------ Records to process

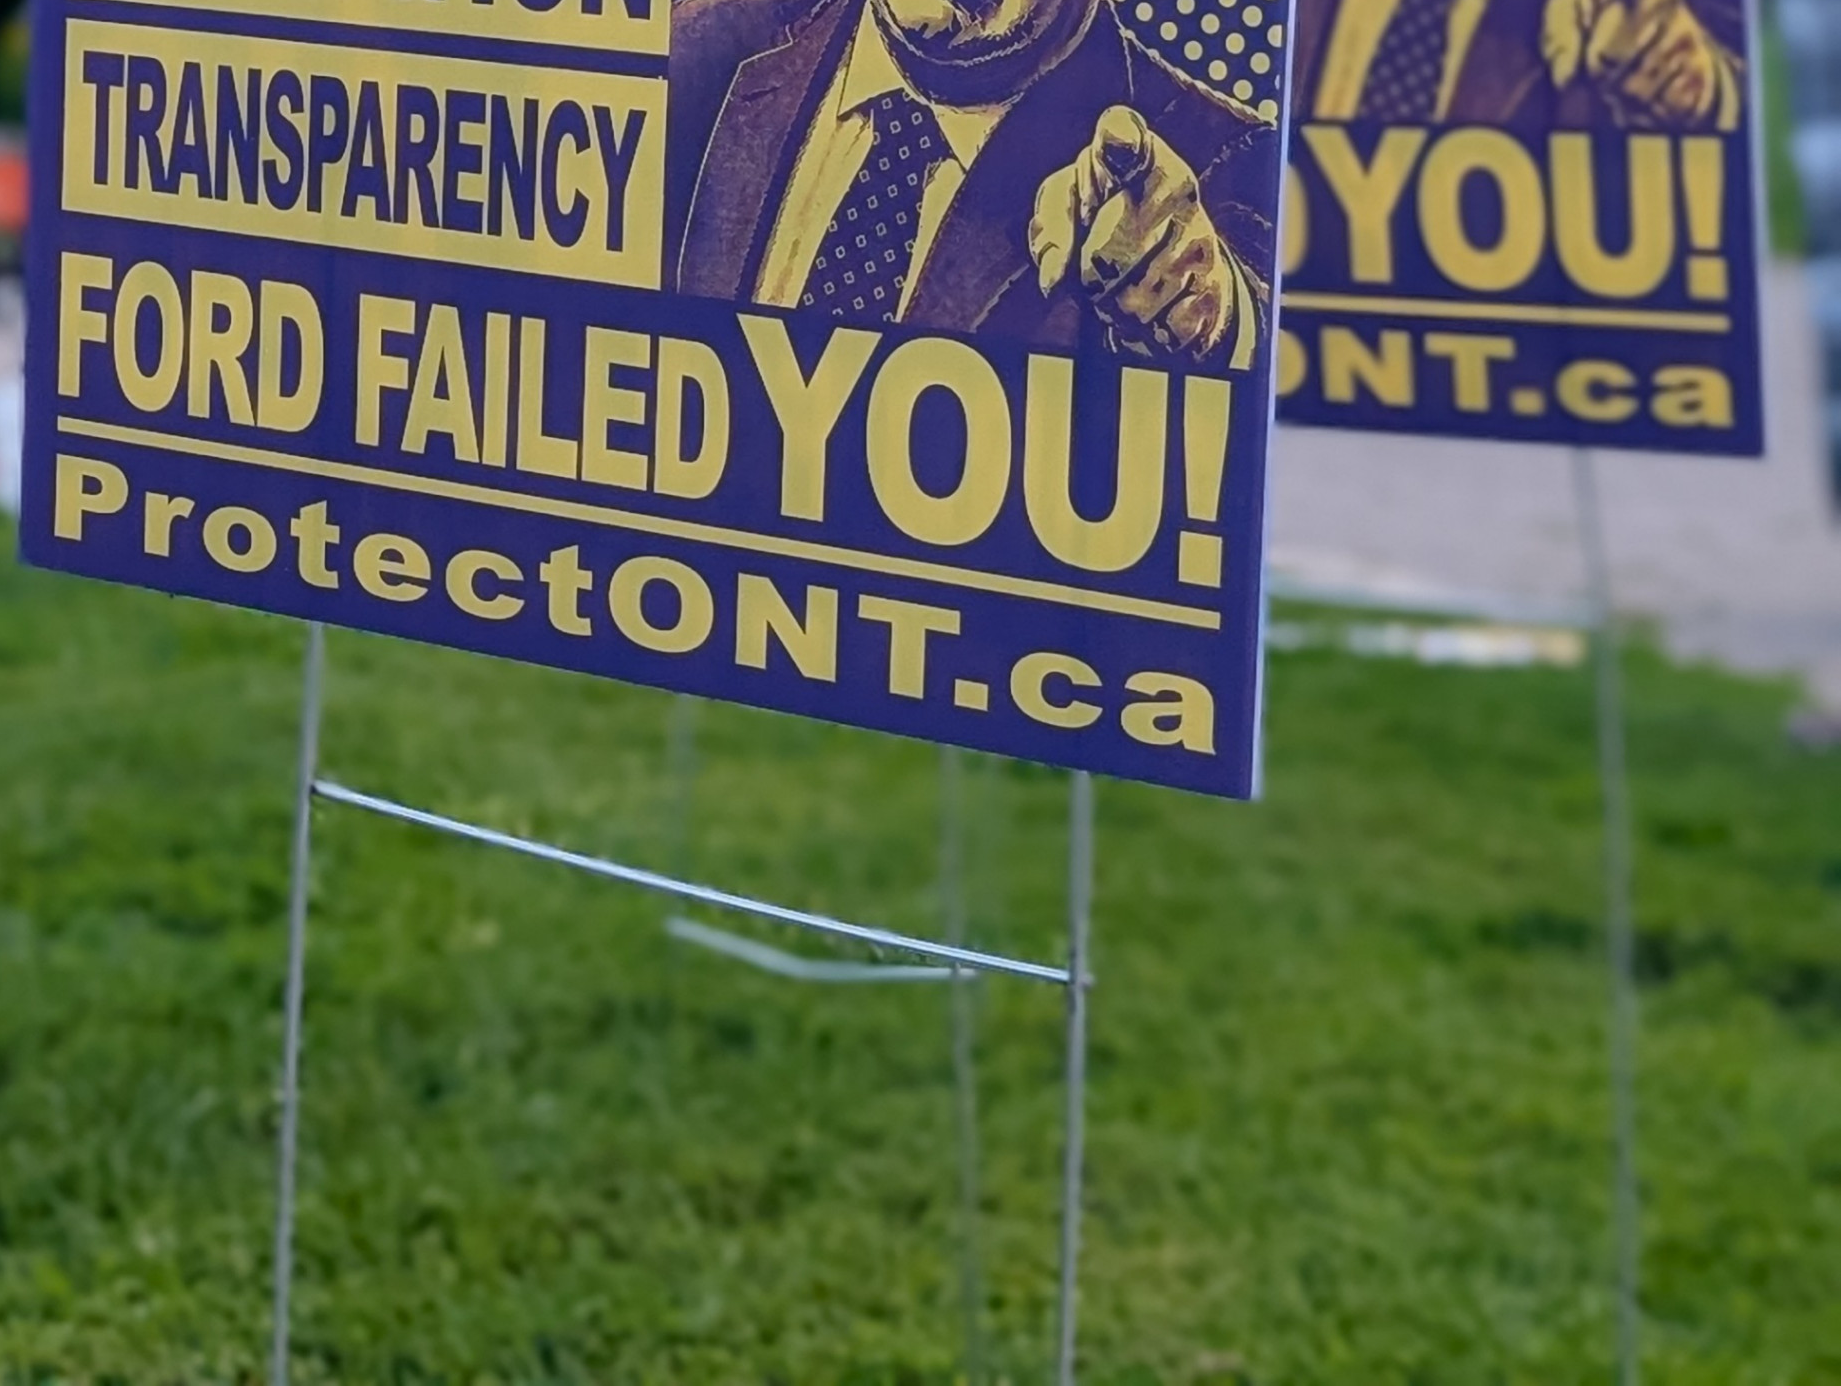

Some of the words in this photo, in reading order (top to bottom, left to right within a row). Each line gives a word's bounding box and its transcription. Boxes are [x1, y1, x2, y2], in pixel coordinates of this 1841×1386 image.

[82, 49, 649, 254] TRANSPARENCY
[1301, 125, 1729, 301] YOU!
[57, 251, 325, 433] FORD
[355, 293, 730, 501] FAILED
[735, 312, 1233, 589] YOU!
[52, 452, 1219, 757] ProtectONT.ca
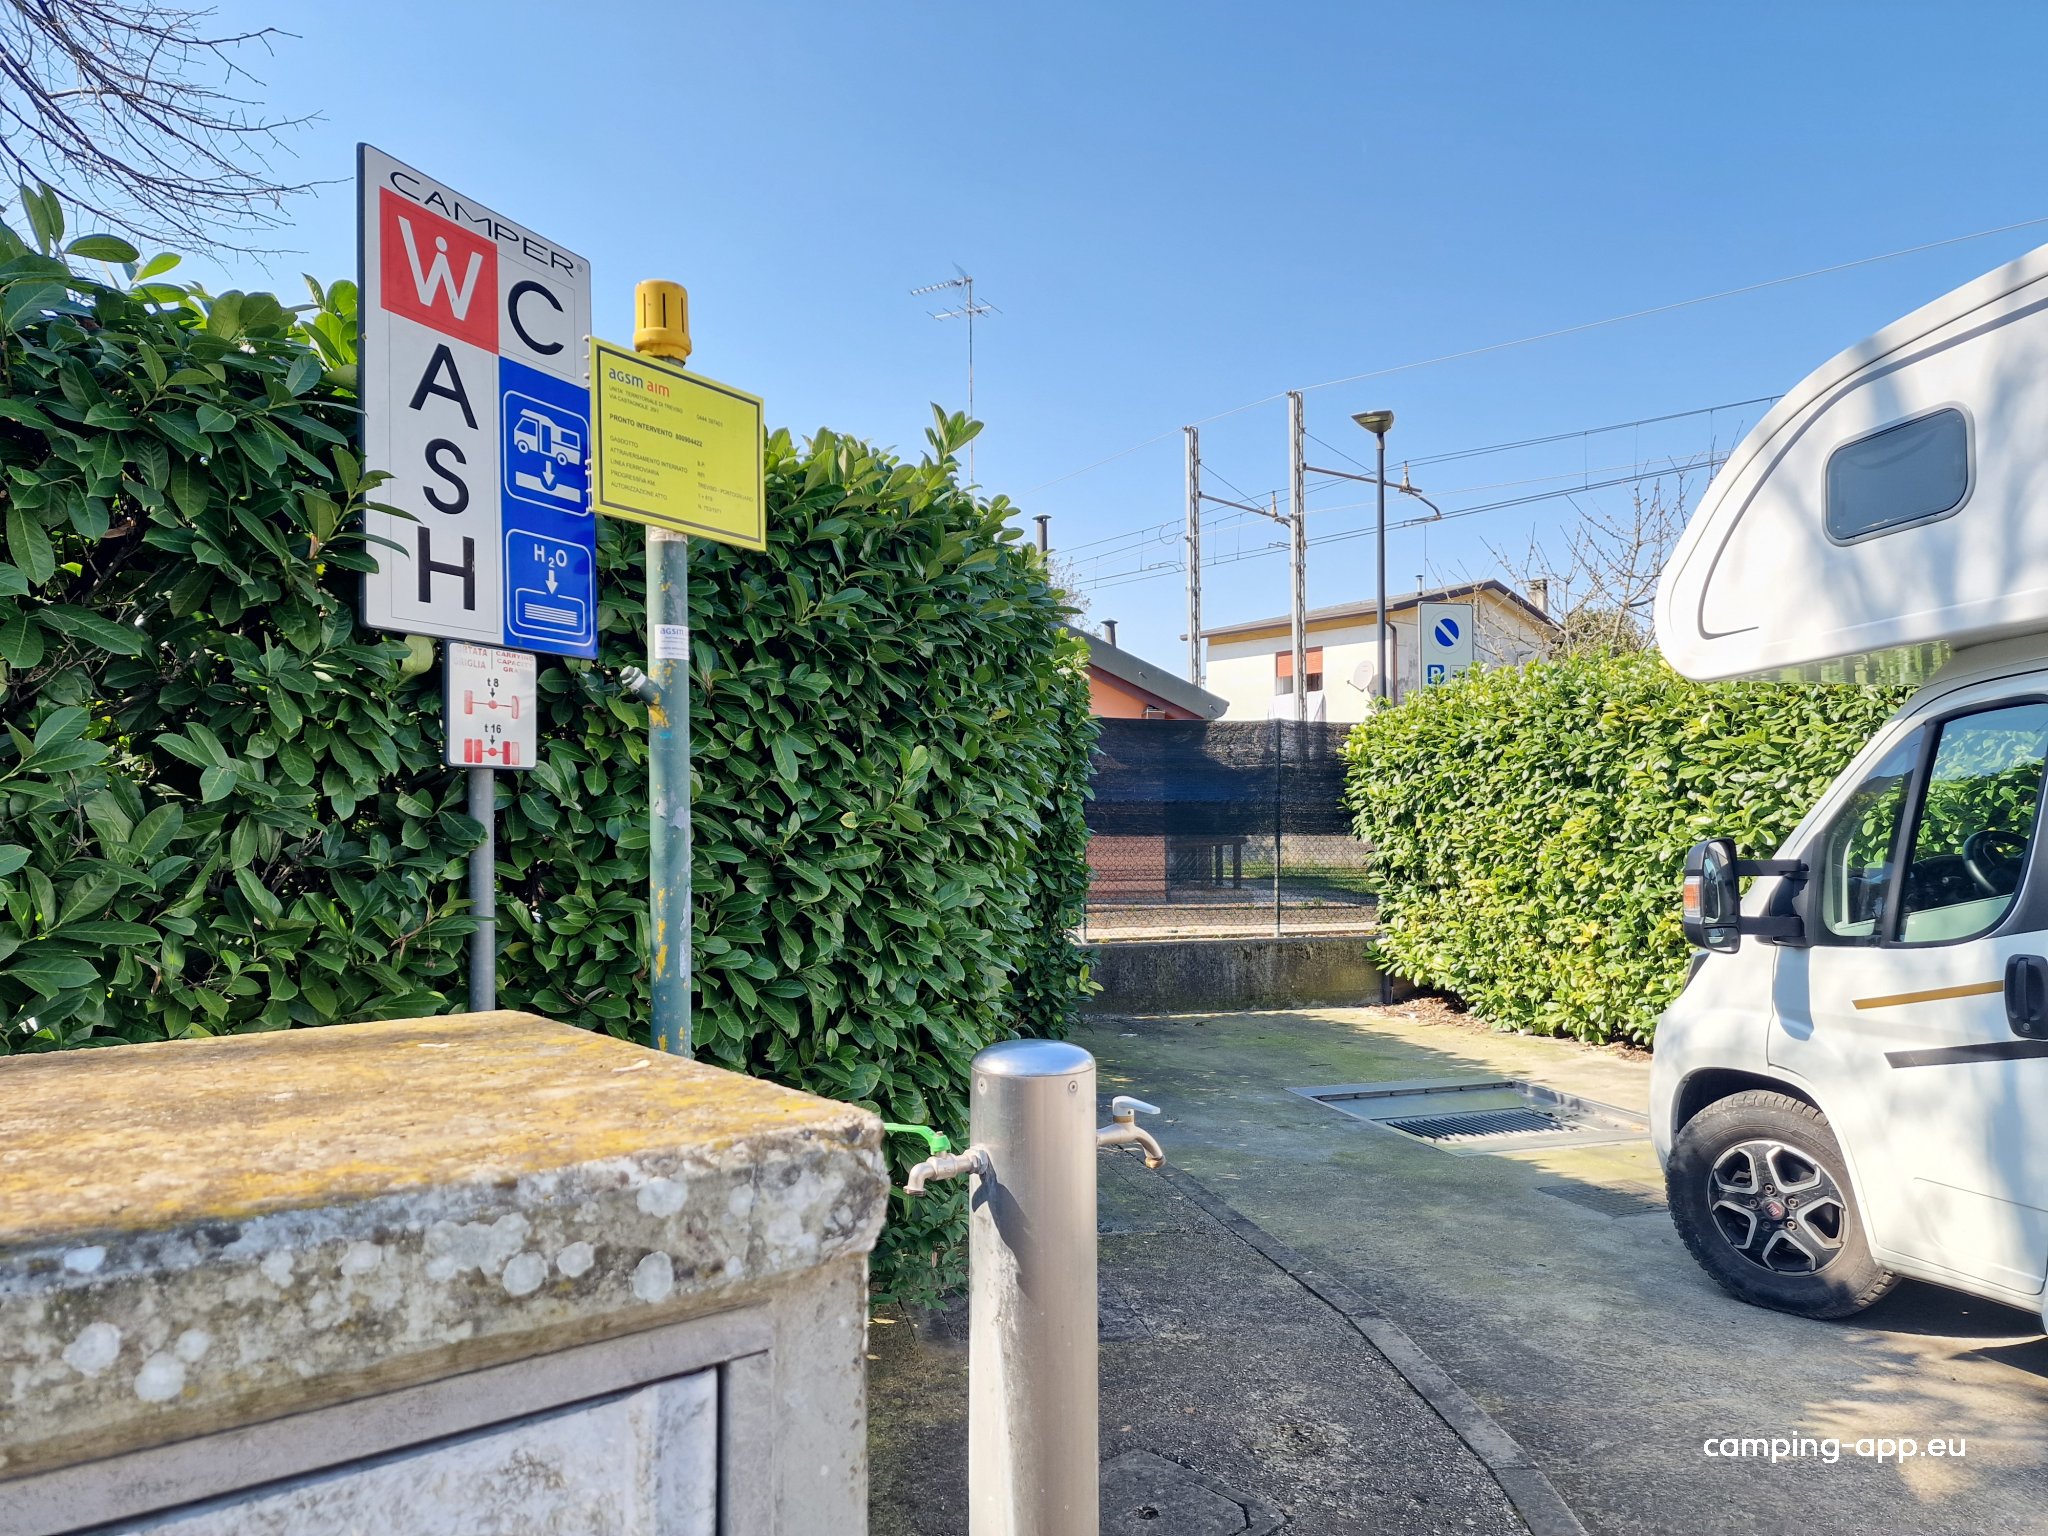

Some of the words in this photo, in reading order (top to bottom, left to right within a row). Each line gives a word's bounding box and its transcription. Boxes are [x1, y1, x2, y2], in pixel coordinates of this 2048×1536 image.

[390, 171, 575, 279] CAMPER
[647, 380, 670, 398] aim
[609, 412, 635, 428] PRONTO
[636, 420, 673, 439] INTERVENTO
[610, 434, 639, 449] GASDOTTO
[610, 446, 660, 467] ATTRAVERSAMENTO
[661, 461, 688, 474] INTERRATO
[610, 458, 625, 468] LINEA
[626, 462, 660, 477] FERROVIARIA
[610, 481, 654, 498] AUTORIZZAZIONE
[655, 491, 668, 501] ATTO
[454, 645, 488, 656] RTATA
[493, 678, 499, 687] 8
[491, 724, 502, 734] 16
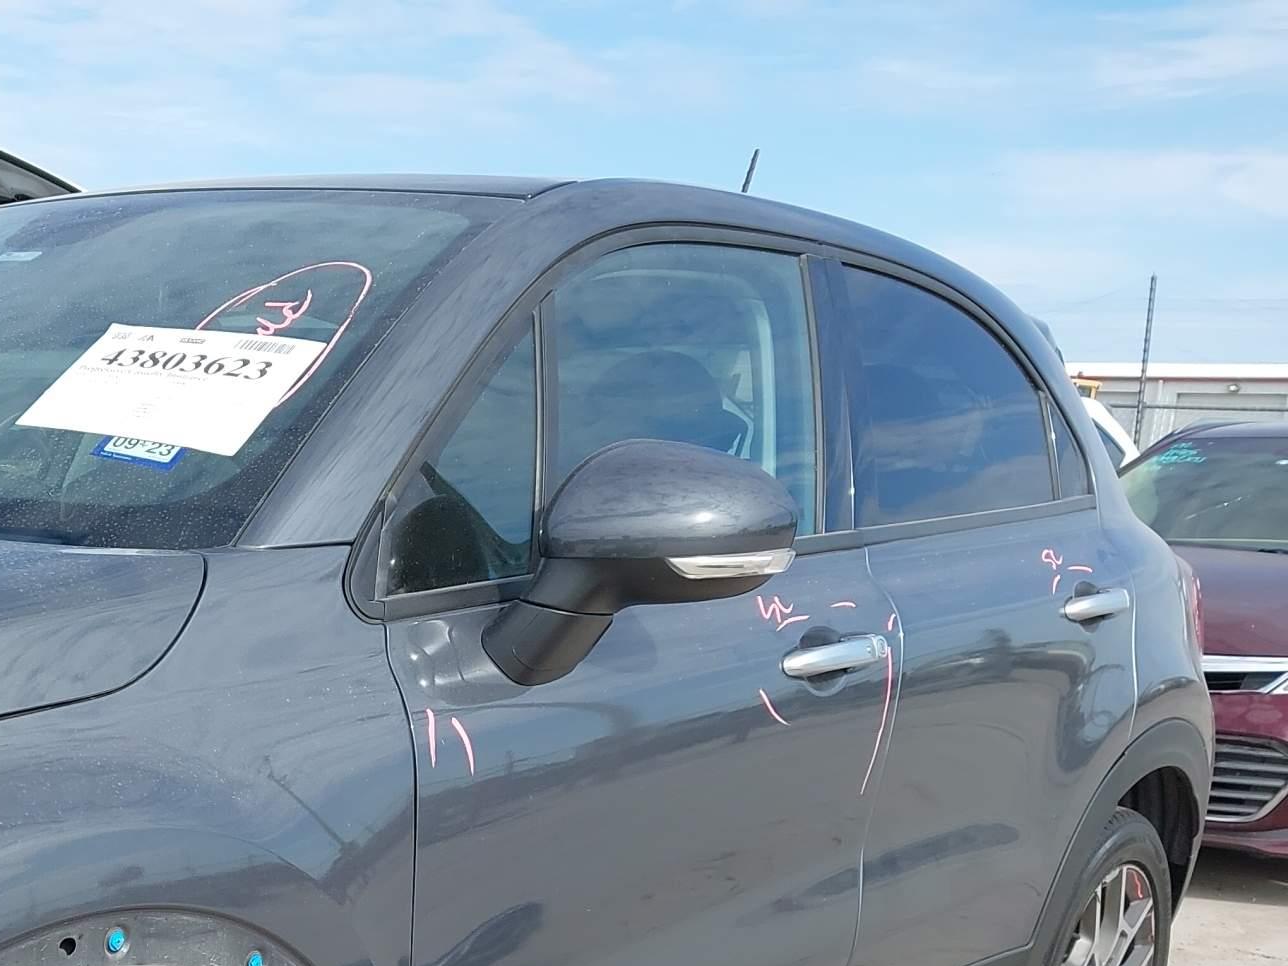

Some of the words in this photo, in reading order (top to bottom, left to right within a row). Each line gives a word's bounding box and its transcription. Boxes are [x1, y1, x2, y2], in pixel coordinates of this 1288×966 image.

------------

Every record, word for word, should be given back without its pictures.

*Reply to the exercise*:
Some of the words in this photo, in reading order (top to bottom, left to right within a row). Each line gives a word's bounding box and its transcription. Boxes are [x1, y1, x2, y2], in pixel coordinates of this 1841×1386 image.

[82, 49, 649, 254] TRANSPARENCY
[1301, 125, 1729, 301] YOU!
[57, 251, 325, 433] FORD
[355, 293, 730, 501] FAILED
[735, 312, 1233, 589] YOU!
[52, 452, 1219, 757] ProtectONT.ca

Some of the words in this photo, in reading order (top to bottom, left to right within a row). Each line gives a word's bounding box and its transcription. Boxes are [x1, y1, x2, y2], in pixel coordinates of this 2048×1536 image.

[390, 171, 575, 279] CAMPER
[647, 380, 670, 398] aim
[609, 412, 635, 428] PRONTO
[636, 420, 673, 439] INTERVENTO
[610, 434, 639, 449] GASDOTTO
[610, 446, 660, 467] ATTRAVERSAMENTO
[661, 461, 688, 474] INTERRATO
[610, 458, 625, 468] LINEA
[626, 462, 660, 477] FERROVIARIA
[610, 481, 654, 498] AUTORIZZAZIONE
[655, 491, 668, 501] ATTO
[454, 645, 488, 656] RTATA
[493, 678, 499, 687] 8
[491, 724, 502, 734] 16

Some of the words in this photo, in reading order (top to bottom, left to right within a row). Each line gives a word's bounding box and its transcription. Boxes are [x1, y1, x2, y2], in pixel coordinates of this 1288×966 image.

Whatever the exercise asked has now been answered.